14
agosto
2019
Clipping, Jurisprudência,

JT anula justa causa de transgênero que se recusou a trabalhar por ter o nome social ignorado pela empresa.

Uma empregada transgênero conseguiu na JT o direito de reintegração no emprego e ainda de receber da empregadora indenização por danos morais no valor de R$ 5 mil. Antes mesmo de ser admitida, ela teve o direito de usar o nome feminino reconhecido em sentença judicial, o que não foi respeitado pela empresa, já que toda a documentação interna a identificava pelo nome masculino. Para o juiz Vitor Martins Pombo, responsável pelo exame do caso na 13ª Vara do Trabalho de Belo Horizonte, a recusa da empresa em utilizar o nome feminino da empregada foi injustificável e discriminatória, acabando por ocasionar a dispensa por justa causa da trabalhadora, que, de forma legítima, recusou-se a trabalhar enquanto o problema não fosse resolvido.

A sentença que reconheceu o nome feminino da empregada foi proferida antes dela ser admitida na reclamada. A empregada confirmou que utilizava o banheiro feminino sem represália e que era tratada pessoalmente pelos colegas de trabalho pelo nome feminino. Entretanto, ficou provado que o sistema e todos os documentos internos da empresa a identificavam com o nome masculino.

Para o magistrado, ainda que alguns documentos apresentados na admissão registrassem o antigo nome da trabalhadora, ela já tinha direito ao reconhecimento e utilização, para todos os fins, em especial no trabalho, do nome feminino. Segundo o juiz, a recusa da empresa em utilizar esse nome é injustificável e discriminatória, o que torna legítima a recusa da empregada em trabalhar enquanto fosse identificada pelo nome masculino.

“A demissão por justa causa da autora decorreu justamente de tal cadeia de causas e efeitos”, destacou o magistrado.
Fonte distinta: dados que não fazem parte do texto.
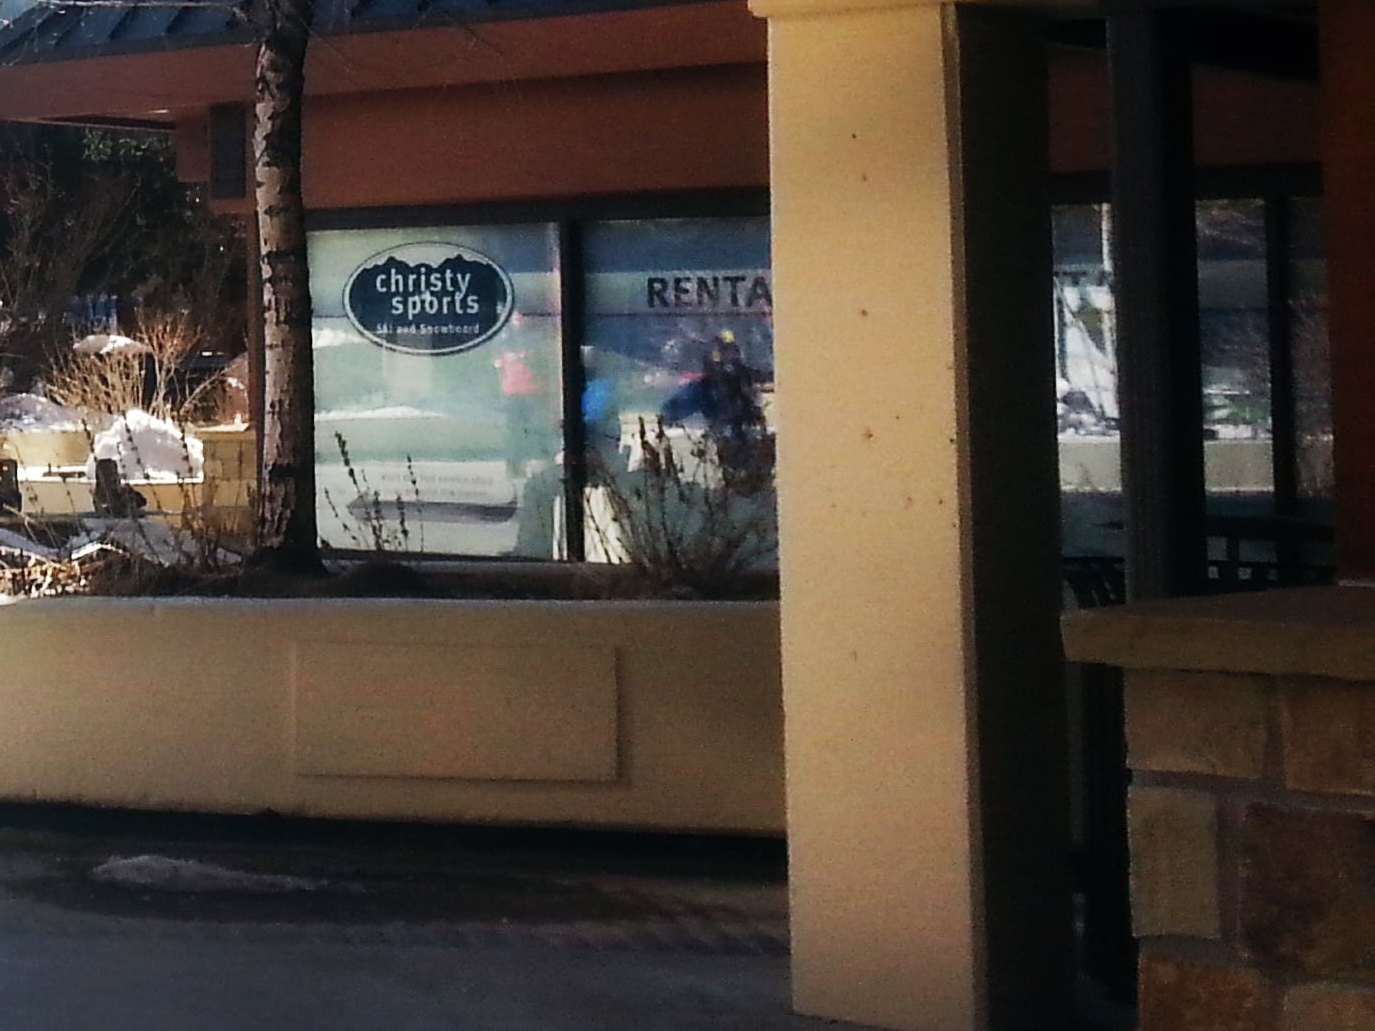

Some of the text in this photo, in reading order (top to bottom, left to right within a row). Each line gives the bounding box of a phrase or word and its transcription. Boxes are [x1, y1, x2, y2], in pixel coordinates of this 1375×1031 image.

[375, 267, 471, 299] christy
[390, 290, 480, 320] sports
[395, 322, 416, 334] and
[419, 322, 481, 335] Snowboard
Em outras palavras, a empresa injustificadamente se recusou a utilizar o nome feminino da empregada e ela, legitimamente, recusou-se a trabalhar em razão da não utilização do nome e, por isso, foi dispensada por justa causa.

Ao reconhecer que a empresa agiu de forma ilícita e acolher o pedido da trabalhadora de reintegração no emprego, a sentença se baseou na Lei 9.029/95, que, em seu artigo 1º, dispõe que “É proibida a adoção de qualquer prática discriminatória e limitativa para efeito de acesso à relação de trabalho, ou de sua manutenção, por motivo de sexo, origem, raça, cor, estado civil, situação familiar, deficiência, reabilitação profissional, idade, entre outros (…)”.

A decisão também se fundamentou no artigo 4º da Lei, segundo o qual o rompimento da relação de trabalho por ato discriminatório, além de conferir direito à reparação pelo dano moral, faculta ao empregado optar entre: a reintegração (com ressarcimento integral de todo o período de afastamento) ou a percepção, em dobro, da remuneração do período de afastamento.

Danos morais. Conforme frisou o juiz, a conduta da empresa foi discriminatória por negar indevidamente à empregada o uso do nome já reconhecido pelo Poder Judiciário. “O nome é um dos direitos da personalidade (art. 16 do Código Civil), de modo que sua violação caracteriza ofensa ao patrimônio imaterial da autora”, pontuou.

O julgador ainda ressaltou que o procedimento do empregador é frontalmente contrário ao objetivo fundamental da República Federativa do Brasil de eliminar preconceitos (art. 3º, IV, da Constituição Federal).

Na fixação do valor da indenização, em 5 mil reais, considerou-se que a discriminação praticada foi de pequeno impacto, tendo em vista que a própria empregada reconheceu que era pessoalmente bem tratada na empresa, inclusive chamada por seu nome feminino, sendo que o uso incorreto do nome era limitado aos documentos. Houve recurso, que aguarda julgamento no TRT-MG.

Fonte: Tribunal Regional do Trabalho 3ª Região Minas Gerais, 14.08.2019

Os artigos reproduzidos neste clipping de notícias são, tanto no conteúdo quanto na forma, de inteira responsabilidade de seus autores. Não traduzem, por isso mesmo, a opinião legal de Granadeiro Guimarães Advogados.